AIME 2002 I · 第 7 题

Solution 1

$1^n$ will always be 1, so we can ignore those terms, and using the definition ($2002 / 7 = 286$):

$$(10^{2002} + 1)^{\frac {10}7} = 10^{2860}+\dfrac{10}{7}10^{858}+\dfrac{15}{49}10^{-1144}+\cdots$$ Since the exponent of the $10$ goes down extremely fast, it suffices to consider the first few terms. Also, the $10^{2860}$ term will not affect the digits after the decimal, so we need to find the first three digits after the decimal in

$$\dfrac{10}{7}10^{858}$$ .

(The remainder after this term is positive by the Remainder Estimation Theorem. Since the repeating decimal of $\dfrac{10}{7}$ repeats every 6 digits, we can cut out a lot of 6's from $858$ to reduce the problem to finding the first three digits after the decimal of

$\dfrac{10}{7}$.

That is the same as $1+\dfrac{3}{7}$, and the first three digits after $\dfrac{3}{7}$ are $\boxed{428}$.

Solution 2

An equivalent statement is to note that we are looking for $1000 \left\{\frac{10^{859}}{7}\right\}$, where $\{x\} = x - \lfloor x \rfloor$ is the fractional part of a number.
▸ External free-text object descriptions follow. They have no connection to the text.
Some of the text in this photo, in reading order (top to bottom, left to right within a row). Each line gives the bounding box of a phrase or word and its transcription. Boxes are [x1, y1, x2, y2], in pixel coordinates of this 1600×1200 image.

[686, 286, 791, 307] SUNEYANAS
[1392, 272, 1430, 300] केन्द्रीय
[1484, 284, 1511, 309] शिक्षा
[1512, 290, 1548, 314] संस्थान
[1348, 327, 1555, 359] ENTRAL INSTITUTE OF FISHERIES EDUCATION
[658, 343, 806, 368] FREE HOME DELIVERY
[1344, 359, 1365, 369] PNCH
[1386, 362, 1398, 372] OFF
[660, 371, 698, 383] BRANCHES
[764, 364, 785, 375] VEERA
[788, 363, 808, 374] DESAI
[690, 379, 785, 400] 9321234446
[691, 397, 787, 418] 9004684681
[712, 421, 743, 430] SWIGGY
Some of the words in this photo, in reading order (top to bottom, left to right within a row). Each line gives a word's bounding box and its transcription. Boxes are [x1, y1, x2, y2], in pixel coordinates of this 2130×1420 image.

By Fermat's Little Theorem, $10^6 \equiv 1 \pmod{7}$, so $10^{859} \equiv 3^{6 \times 143 + 1} \equiv 3 \pmod{7}$; in other words, $10^{859}$ leaves a residue of $3$ after division by $7$. Then the desired answer is the first three decimal places after $\frac 37$, which are $\boxed{428}$.